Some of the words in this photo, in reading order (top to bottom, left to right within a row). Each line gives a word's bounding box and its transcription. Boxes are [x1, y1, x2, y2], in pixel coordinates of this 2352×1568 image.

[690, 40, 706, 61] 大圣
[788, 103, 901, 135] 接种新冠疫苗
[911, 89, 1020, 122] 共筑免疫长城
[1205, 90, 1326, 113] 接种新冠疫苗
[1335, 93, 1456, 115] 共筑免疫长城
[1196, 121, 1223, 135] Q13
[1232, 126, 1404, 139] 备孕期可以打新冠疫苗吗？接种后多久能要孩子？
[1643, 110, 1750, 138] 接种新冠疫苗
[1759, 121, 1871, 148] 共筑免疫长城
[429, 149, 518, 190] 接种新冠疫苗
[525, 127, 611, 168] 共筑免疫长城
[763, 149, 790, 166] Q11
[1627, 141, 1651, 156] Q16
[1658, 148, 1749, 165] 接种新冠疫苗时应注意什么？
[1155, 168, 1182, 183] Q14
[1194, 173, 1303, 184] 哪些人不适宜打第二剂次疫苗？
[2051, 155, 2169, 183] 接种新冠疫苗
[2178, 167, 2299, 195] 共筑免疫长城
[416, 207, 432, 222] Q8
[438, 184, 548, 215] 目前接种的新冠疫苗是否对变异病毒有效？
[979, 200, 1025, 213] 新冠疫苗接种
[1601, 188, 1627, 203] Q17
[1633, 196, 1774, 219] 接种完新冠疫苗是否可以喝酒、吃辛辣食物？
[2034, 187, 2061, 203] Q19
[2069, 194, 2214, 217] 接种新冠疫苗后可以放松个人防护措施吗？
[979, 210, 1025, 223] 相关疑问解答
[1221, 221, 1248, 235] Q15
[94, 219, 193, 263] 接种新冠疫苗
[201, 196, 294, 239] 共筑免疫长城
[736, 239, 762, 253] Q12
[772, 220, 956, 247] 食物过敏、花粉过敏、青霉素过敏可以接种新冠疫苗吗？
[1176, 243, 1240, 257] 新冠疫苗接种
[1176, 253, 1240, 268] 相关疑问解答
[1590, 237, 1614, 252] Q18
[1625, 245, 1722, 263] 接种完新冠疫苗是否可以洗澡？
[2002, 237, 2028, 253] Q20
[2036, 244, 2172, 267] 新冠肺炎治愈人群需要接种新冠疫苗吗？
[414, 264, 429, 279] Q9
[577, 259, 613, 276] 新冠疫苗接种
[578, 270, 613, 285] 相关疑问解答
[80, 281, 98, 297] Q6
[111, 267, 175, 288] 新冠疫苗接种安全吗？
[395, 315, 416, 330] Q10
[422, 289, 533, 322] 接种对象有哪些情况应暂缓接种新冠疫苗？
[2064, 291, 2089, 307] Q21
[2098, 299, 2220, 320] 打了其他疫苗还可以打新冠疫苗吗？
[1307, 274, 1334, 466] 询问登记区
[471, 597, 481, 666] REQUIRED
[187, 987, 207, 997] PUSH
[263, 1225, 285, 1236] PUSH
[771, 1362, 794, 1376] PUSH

* * * * * * * * *

◆ **WHAT THE TASK REQUIRES**
Count how many lines of the records hold the string "PUSH"; the answer is that number alone.

◆ **EXERCISE SOLUTION**
3